In contrast, Cherry was walking to get his medication and to go to and from dinner. He was able to communicate that he was in pain and ask for help. He does not present evidence he was experiencing the kind of emergency Lewis was. And absent an emergency, prison officials do not have to drop everything to respond to an inmate's demand. See Burks v. Raemisch, 555 F.3d 592, 595 (7th Cir. 2009). Prison operations would grind to a halt if guards had to interrupt their duties to respond immediately to every complaint.
A jury could not find that Terrell or Przybylinski "unnecessarily prolonged his pain" by failing to get Cherry his Vicodin over a period of five-and-a-half hours. Perez v. Fenoglio, 792 F.3d 768, 777-78 (7th Cir. 2015). They are entitled to summary judgment.
CONCLUSION
IT IS THEREFORE ORDERED that Cherry' motion for summary judgment, ECF No. 54, is DENIED.
IT IS FURTHER ORDERED that the defendants' motions for summary judgment, ECF Nos. 61 and 76, are GRANTED and this case is DISMISSED with prejudice.

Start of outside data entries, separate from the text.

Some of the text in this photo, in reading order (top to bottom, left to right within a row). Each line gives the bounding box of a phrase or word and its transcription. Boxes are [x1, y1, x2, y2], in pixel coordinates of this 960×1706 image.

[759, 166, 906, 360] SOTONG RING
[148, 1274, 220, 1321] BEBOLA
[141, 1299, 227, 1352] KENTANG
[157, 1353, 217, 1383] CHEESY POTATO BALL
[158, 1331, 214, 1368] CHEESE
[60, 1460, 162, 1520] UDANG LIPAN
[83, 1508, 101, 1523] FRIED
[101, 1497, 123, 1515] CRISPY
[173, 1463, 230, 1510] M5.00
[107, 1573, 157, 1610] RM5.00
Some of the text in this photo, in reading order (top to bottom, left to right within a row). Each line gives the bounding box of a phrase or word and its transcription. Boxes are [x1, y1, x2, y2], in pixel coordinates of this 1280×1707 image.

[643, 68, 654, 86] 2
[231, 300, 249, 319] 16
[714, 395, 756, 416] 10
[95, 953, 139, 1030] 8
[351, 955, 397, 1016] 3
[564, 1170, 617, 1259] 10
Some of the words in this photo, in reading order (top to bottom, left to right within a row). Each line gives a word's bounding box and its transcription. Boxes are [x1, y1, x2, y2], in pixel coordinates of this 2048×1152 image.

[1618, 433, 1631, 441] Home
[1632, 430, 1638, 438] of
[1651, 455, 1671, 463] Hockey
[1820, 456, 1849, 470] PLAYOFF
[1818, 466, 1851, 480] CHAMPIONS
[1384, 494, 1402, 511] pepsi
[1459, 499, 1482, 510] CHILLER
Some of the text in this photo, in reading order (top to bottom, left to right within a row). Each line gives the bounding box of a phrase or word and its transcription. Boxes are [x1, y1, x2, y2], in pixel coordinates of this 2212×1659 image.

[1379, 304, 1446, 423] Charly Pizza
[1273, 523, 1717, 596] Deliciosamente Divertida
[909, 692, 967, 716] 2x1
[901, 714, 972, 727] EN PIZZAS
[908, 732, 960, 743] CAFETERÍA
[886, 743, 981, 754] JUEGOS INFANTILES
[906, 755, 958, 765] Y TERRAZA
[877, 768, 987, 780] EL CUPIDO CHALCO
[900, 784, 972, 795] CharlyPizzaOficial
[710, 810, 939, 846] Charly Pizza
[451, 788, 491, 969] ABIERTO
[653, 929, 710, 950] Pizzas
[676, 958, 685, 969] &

Dated at Green Bay, Wisconsin this 1st day of September, 2020.
s/ William C. Griesbach
William C. Griesbach
United States District Judge This order and the judgment to follow are final. Plaintiff may appeal this court's decision to the Court of Appeals for the Seventh Circuit by filing in this court a notice of appeal within 30 days of the entry of judgment. See Fed. R. App. P. 3, 4. This court may extend this deadline if a party timely requests an extension and shows good cause or excusable neglect for not being able to meet the 30-day deadline. See Fed. R. App. P. 4(a)(5)(A). If Plaintiff appeals, he will be liable for the $505.00 appellate filing fee regardless of the appeal's outcome. If Plaintiff seeks leave to proceed in forma pauperis on appeal, he must file a motion for leave to proceed in forma pauperis with this court. See Fed. R. App. P. 24(a)(1). Plaintiff may be assessed another "strike" by the Court of Appeals if his appeal is found to be non-meritorious. See 28 U.S.C. § 1915(g). If Plaintiff accumulates three strikes, he will not be able to file an action in federal court (except as a petition for habeas corpus relief) without prepaying the filing fee unless he demonstrates that he is in imminent danger of serous physical injury. Id. Under certain circumstances, a party may ask this court to alter or amend its judgment under Federal Rule of Civil Procedure 59(e) or ask for relief from judgment under Federal Rule of Civil Procedure 60(b). Any motion under Federal Rule of Civil Procedure 59(e) must be filed within 28 days of the entry of judgment. Any motion under Federal Rule of Civil Procedure 60(b) must be filed within a reasonable time, generally no more than one year after the entry of judgment. The court cannot extend these deadlines. See Fed. R. Civ. P. 6(b)(2). A party is expected to closely review all applicable rules and determine, what, if any, further action is appropriate in a case.